Here at the Footprint, we’re weighing in with some thoughts on poverty and the environment.

Can we eliminate – or, more realistically, diminish – poverty, while protecting the environment from further destruction?

Theoretically, yes.

More saliently, on the local level – here in Arizona, for instance – what the hell can we do that’s going to make a mouse fart’s worth of difference?

A lot, I think. And much of that will take place at the intersection of the human and natural world, in our cities. How we design our communities often sets the stage for the worst manifestations of urban poverty — and environmental waste.

(probably the most brilliant take on this phenomenon is Mike Davis’ “City of Quartz“.)

Much of Arizona’s growth in the last thirty years makes for a perfect microcosm of much of what I think went wrong in the 20th century in terms of sustainable urban planning. We have created a fragmented, stratified society that heavily taxes the environment, often for no discernable reason.

We’ve got traffic jams, sprawl up the wazoo, suburbs and exurbs as far as the eye can see, and some long-term water issues that could leave us seriously fucked sometime in the next couple of decades.

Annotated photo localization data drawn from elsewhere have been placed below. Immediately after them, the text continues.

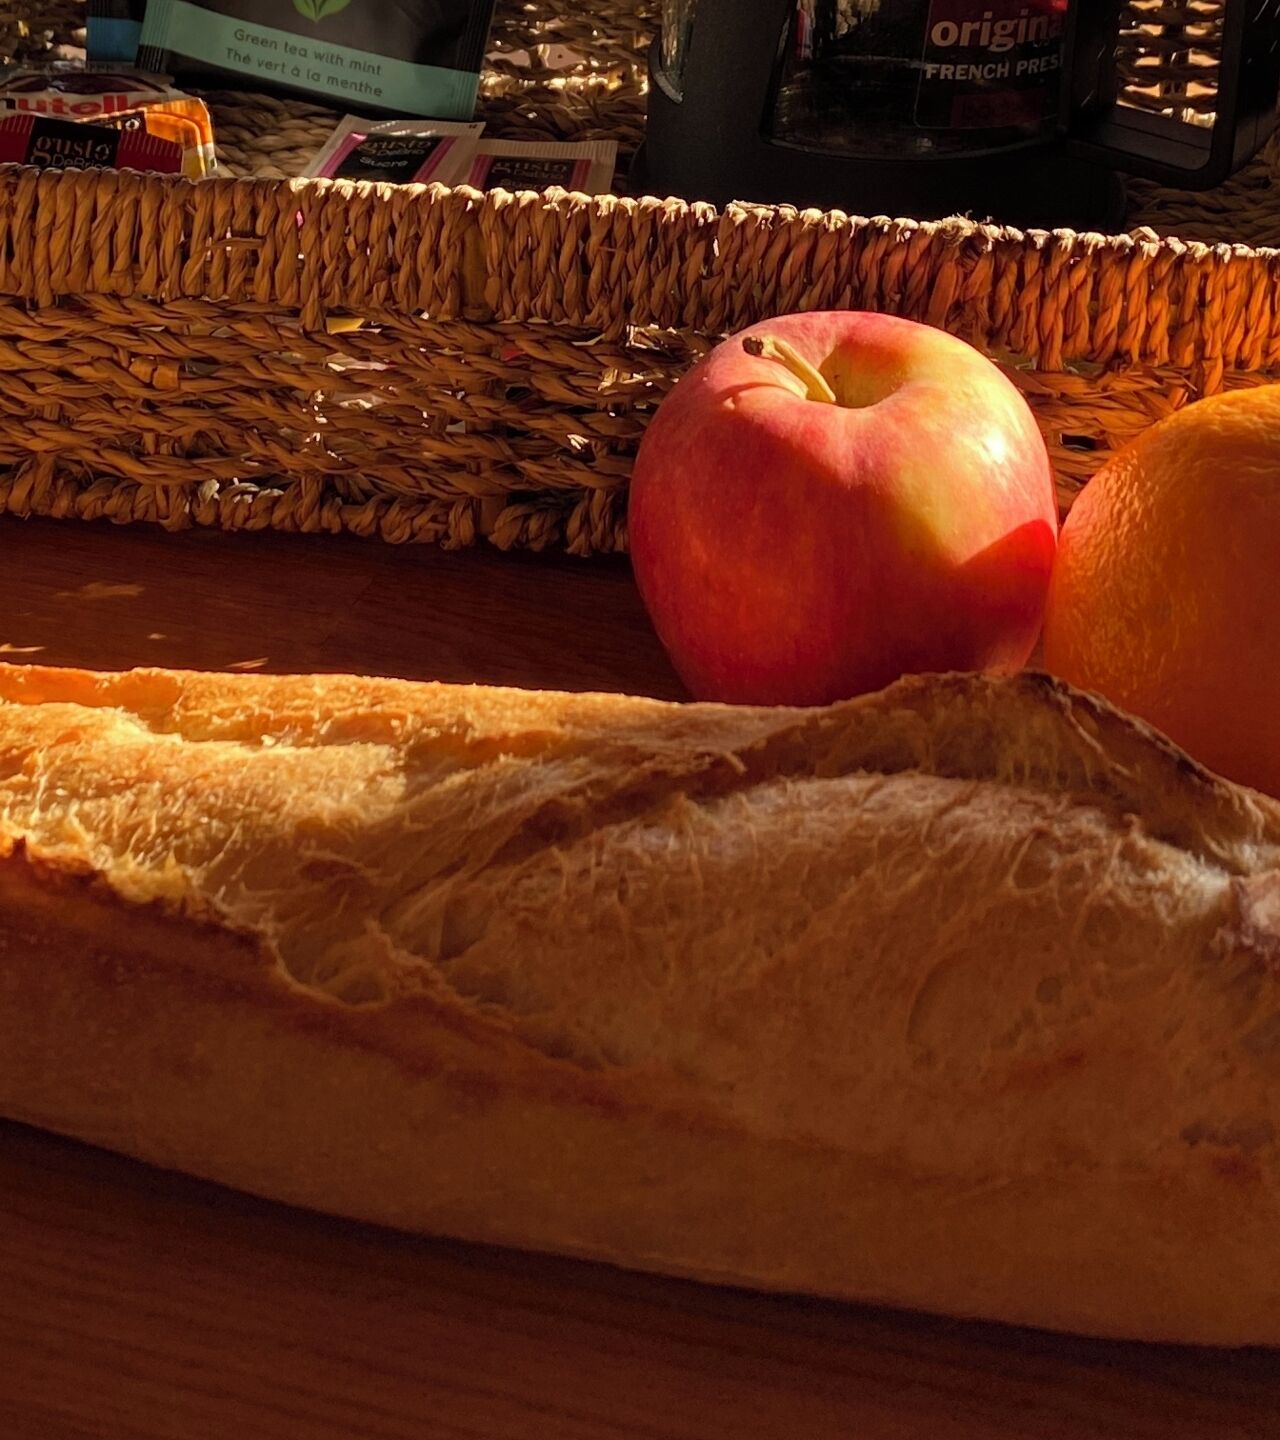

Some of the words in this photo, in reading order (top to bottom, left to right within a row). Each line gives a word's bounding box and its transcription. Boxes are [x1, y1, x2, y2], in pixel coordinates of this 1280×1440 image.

[234, 28, 278, 51] Green
[284, 41, 308, 59] tea
[314, 47, 344, 67] with
[349, 55, 382, 76] mint
[926, 60, 1009, 80] FRENCH
[1016, 54, 1063, 78] PRES
[226, 48, 251, 67] Thé
[257, 57, 286, 75] vert
[291, 63, 302, 78] à
[307, 67, 321, 82] la
[326, 75, 383, 98] menthe
[360, 156, 408, 168] Sucre
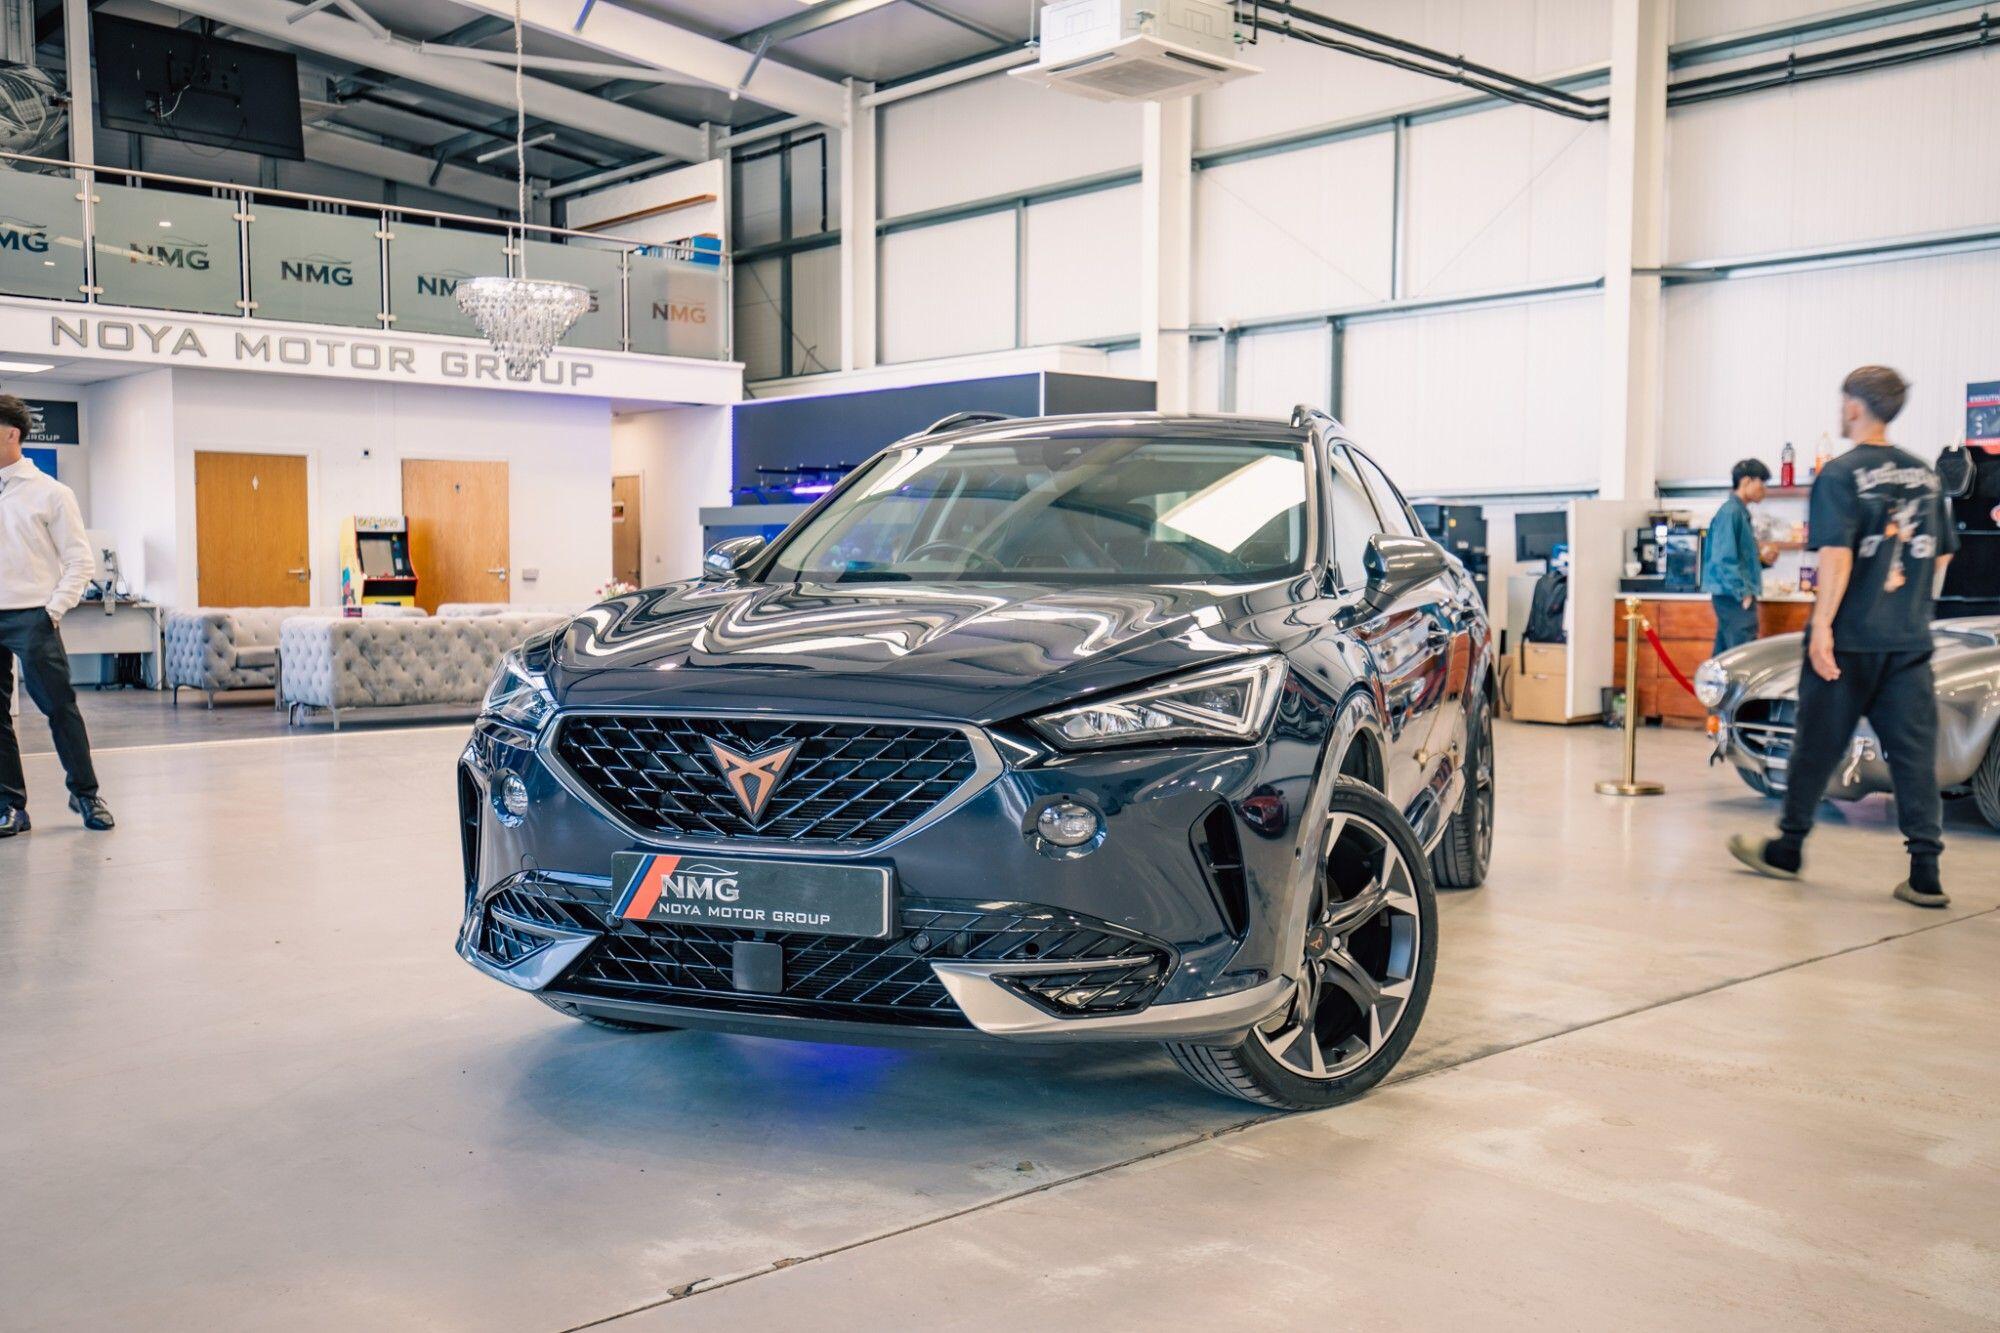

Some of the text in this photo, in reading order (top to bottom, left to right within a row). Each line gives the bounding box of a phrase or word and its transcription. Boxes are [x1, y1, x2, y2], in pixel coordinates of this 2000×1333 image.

[0, 230, 49, 253] MG
[130, 242, 210, 270] NMG
[281, 261, 353, 286] NMG
[417, 275, 459, 297] NM
[652, 302, 706, 323] NMG
[52, 316, 207, 358] NOYA
[235, 332, 416, 374] MOTOR
[660, 874, 740, 902] NMG
[659, 902, 831, 925] NOYA MOTOR GROUP
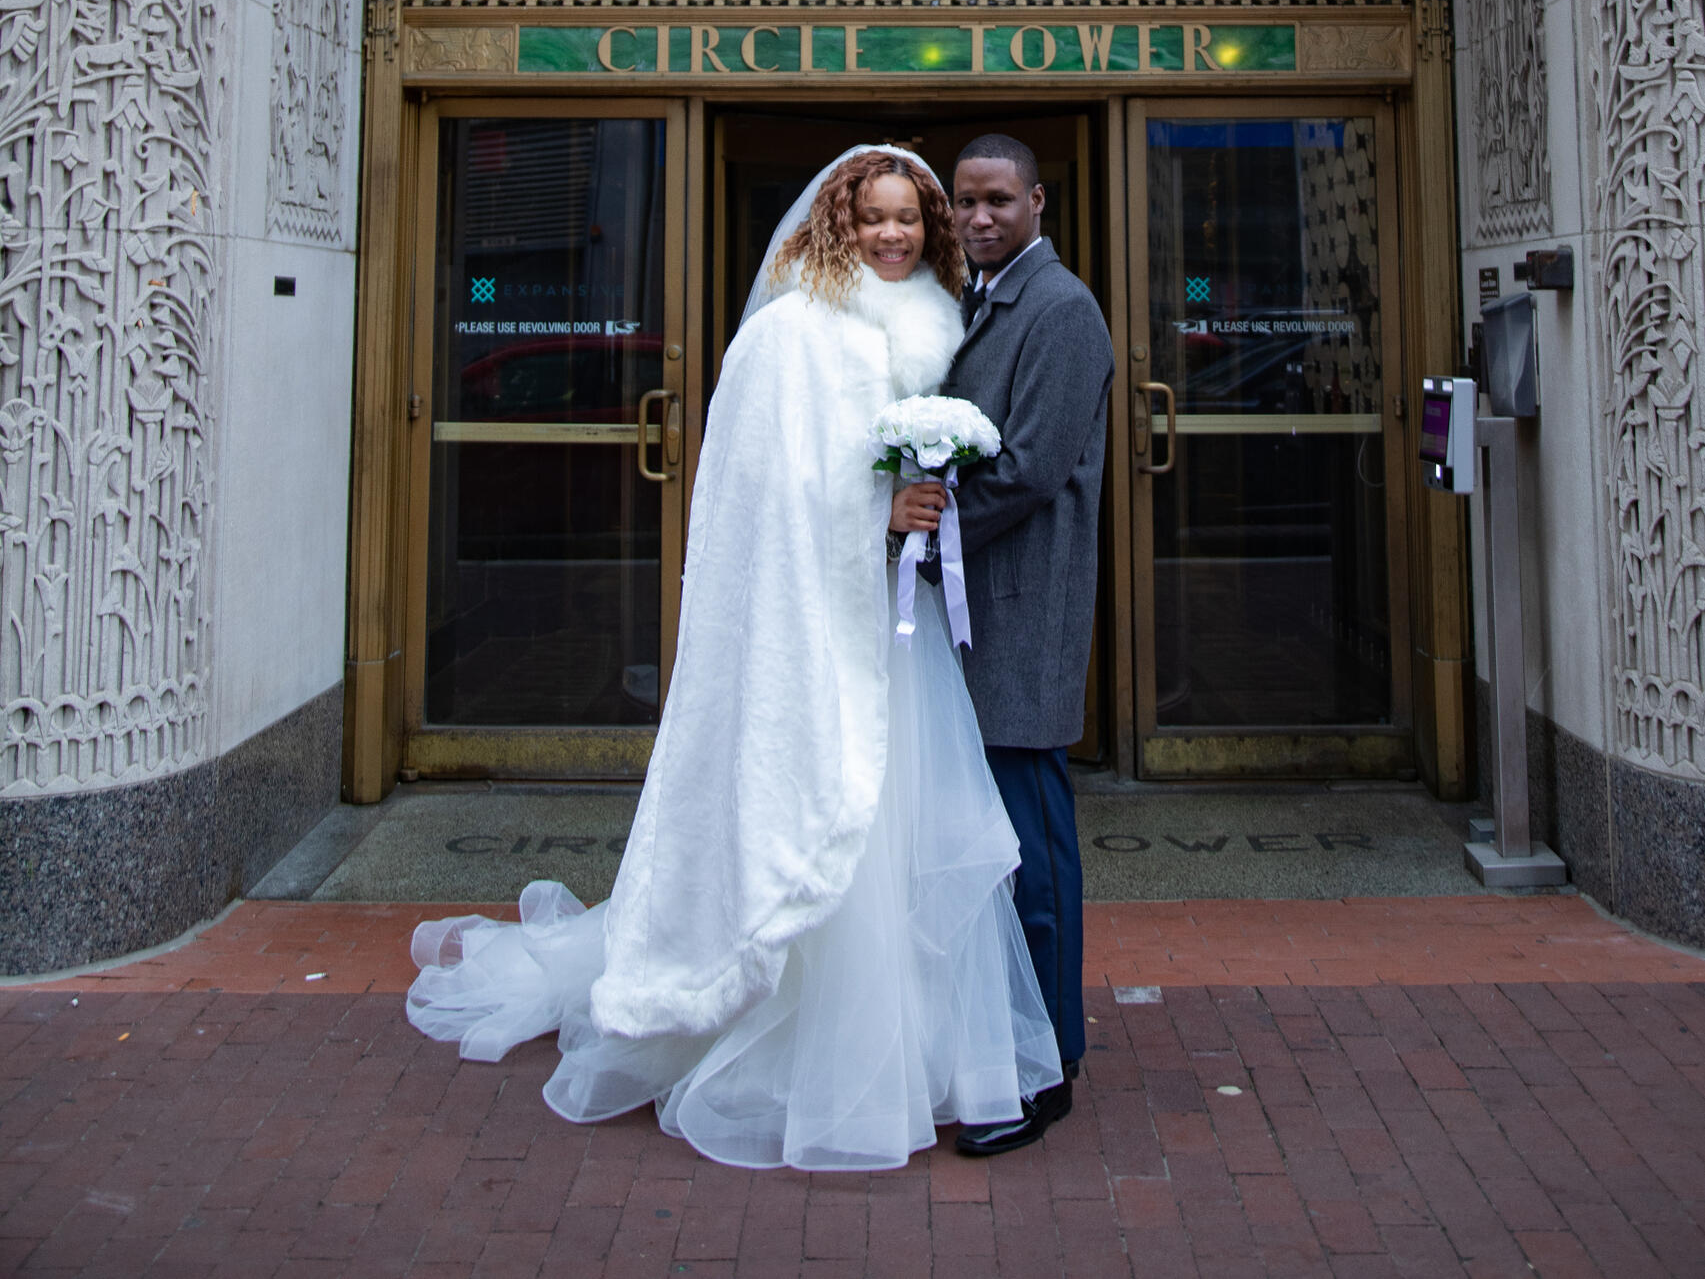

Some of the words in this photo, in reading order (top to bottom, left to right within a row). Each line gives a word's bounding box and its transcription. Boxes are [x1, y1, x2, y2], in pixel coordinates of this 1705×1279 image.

We’ve also got poverty issues – our education system is ranked near the bottom in the U.S., our prisons are growing faster than pretty much anywhere else in the country, and the foreclosure debacle is sucking tens of thousands of families down the financial drain.

Right here in Tucson, about one out of five families fall under the federal poverty line, scraping by on about $19,000 a year.

Now, since we can’t exactly scrap the society we’ve inherited and start from scratch – though it would be much easier that way– we’re stuck with what we’ve got.

We’ve essentially got to retro-fit our existing, unsustainable, inequitable world into something that works a little better for all of us, and for the planet.

On a societal level, that means more spending on public transportation, affordable housing, health and nutrition programs, education, green energy and sustainable, local agriculture.

Local, grassroots activism, that produce small but tangible victories, are also the key. One group working toward that goal in Tucson is Just Communities Inc. Check them out here.

It also means embracing community autonomy – as in Bill McKibben’s Deep Economy – and breaking this generation and the next’s addiction to consumer goods that, let’s face it, are an infantile substitution for much more fundamental human longings – for things like belonging, love and personal fulfillment – anyway.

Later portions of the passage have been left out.